# Edward Norton



## Toughenuff (Mar 24, 2005)

This guy packed on over 30 pounds of muscle in only 3 MONTHS for the movie Amercian History X, thats pretty impressive. Id like to know how he did it in such a short time...does anyone have any theories?


----------



## PreMier (Mar 24, 2005)

Never trained before, so he had 'newbie' gains.  Not to mention he is pretty small, so 30lbs could have been done with diet.  
There is also the possibility of him using gear.


----------



## Vieope (Mar 24, 2005)

_I am always impressed about how he looks in that movie. :bounce: _


----------



## Toughenuff (Mar 24, 2005)

Im pretty tall, so does that mean im gonna have a hard time gaining mass?


----------



## seabee (Mar 24, 2005)

On Leno for promoting the movie (well after filming) he was skinny.  Leno asked what happened to your body?  Norton said "It blew up then deflated....Man I miss those muscles."


----------



## musclepump (Mar 24, 2005)

seabee said:
			
		

> On Leno for promoting the movie (well after filming) he was skinny. Leno asked what happened to your body? Norton said "It blew up then deflated....Man I miss those muscles."

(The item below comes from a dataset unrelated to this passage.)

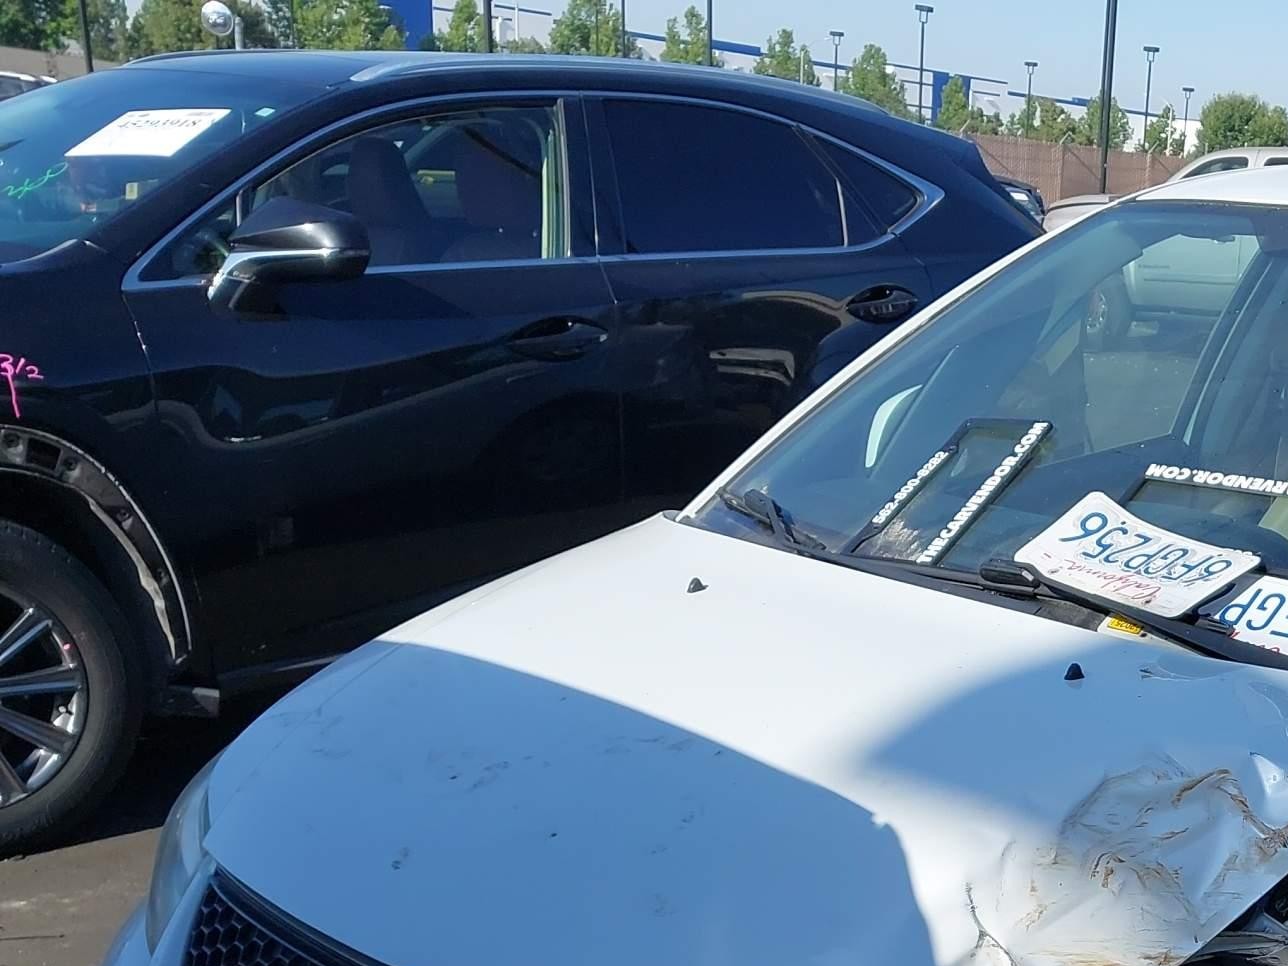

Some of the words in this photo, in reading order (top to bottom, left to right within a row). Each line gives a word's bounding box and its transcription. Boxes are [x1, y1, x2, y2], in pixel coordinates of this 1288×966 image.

So his producers stopped paying for his gear?


----------



## LAM (Mar 24, 2005)

Ryan Renolds did the same thing for Blade 3 he gained about 20 lbs of LBM and lost a ton of body fat in a couple of months. 

there are no magic routines when it comes to weight lifting and gaining muscle.  with a near perfect diet a newbie to resistance training can gain a lot of LBM fast.  especially when there is a low level of activity outside of the gym.


----------



## Yanick (Mar 24, 2005)

LAM,

"If your arms are as big as your legs, you might want to think about doing some squats."

I love that right there


----------



## maniclion (Mar 25, 2005)

All he did for those 3 month's was probably train twice a day, eat and memorize his script, if I had 3 month's stress free I could pack on some mean weight too.


----------



## Big Smoothy (Mar 25, 2005)

Ed Norton didn't pack on 30 pounds.

I he put on weight, but it wasn't thirty pounds.

In the movie, he also didn't have a lot of mucscle anyway, although we could probably classify him as an ecto.


----------



## MXQdRacer (Mar 25, 2005)

I'm just surprised someone actually got an answer from the question concerning Edward Norton!     I've always wanted to ask it, but thought I would of gotten flamed


----------



## Toughenuff (Mar 25, 2005)

I read he put on 30 pounds of muscle, but he didnt really look it.. still not a bad body...i wouldnt mind a body like that, minus the nazi tattoo's of course


----------



## min0 lee (Mar 25, 2005)

MXQdRacer said:
			
		

> I'm just surprised someone actually got an answer from the question concerning Edward Norton!     I've always wanted to ask it, but thought I would of gotten flamed


It's ok to come out to the open and admit " we love Norton"


----------



## Toughenuff (Mar 25, 2005)

hehe who doesnt!?


----------



## min0 lee (Mar 25, 2005)

He was good in that movie.


----------



## Rocco32 (Mar 25, 2005)

I think a lot of his "muscle" came through in his acting and attitude and the way he used his body.


----------



## MXQdRacer (Mar 25, 2005)

I think you're right Rock... He was just badass in that movie.  Not real big at all.  Certaintly an obtainable body with a good diet I would think.  I am kinda built like that now, but not quite as chesty.. or arms that size..lol


----------



## KentDog (Mar 25, 2005)

Ed Norton was definately a badass in American History X (except when he got raped in the shower), and has always been one of my favorite actors.   30 pounds seems about right to me as he does look like a pretty skinny guy now and in his other movies.  But how does one get 30 pounds of muscle in only 3 months and not much fat?  That is a short period of time, and he did get smaller.


----------



## ReelBigFish (Mar 25, 2005)

steroids and an expensive personal trainer and dietician.


----------



## bio-chem (Mar 25, 2005)

he didnt nessisarily use steroids to put on the weight. just like premier said newbie gains added with a really good diet could have done it. i thought the guy developed a pretty damn good body for the movie


----------



## maniclion (Mar 25, 2005)

I think the tats help add definition like the 2 barbed wire bands around his biceps make them appear larger and the swaztika brings dimension to the chest.  Him and Brad Pitt are very skinny guys for both being around 6' they weigh about 160, Norton lost 17 for Fight Club, I remeber when he fought the blond guy his chest looked like it was going to implode.


----------



## PreMier (Mar 25, 2005)

After seeing Primal Fear(Nortons first major role) I was convinced he was one of the greatest actors ever.


----------



## soxmuscle (Mar 25, 2005)

Edward Norton is probably my favorite actor.


----------



## Toughenuff (Mar 25, 2005)

I think his clothing also had something to do with it too

can certain clothing make u look more bulk than what u are??


----------



## joesmooth20 (Mar 25, 2005)

him and Kevin Spacey are my too favorite actors. He did look good in the movie though
 you also have to look at the fact that he was white as a ghost in
the film it takes allot more to look ripped when your very pale complected. That is 
about the frame I would like to have here in about 12weeks. I'll pull it off for sure.


----------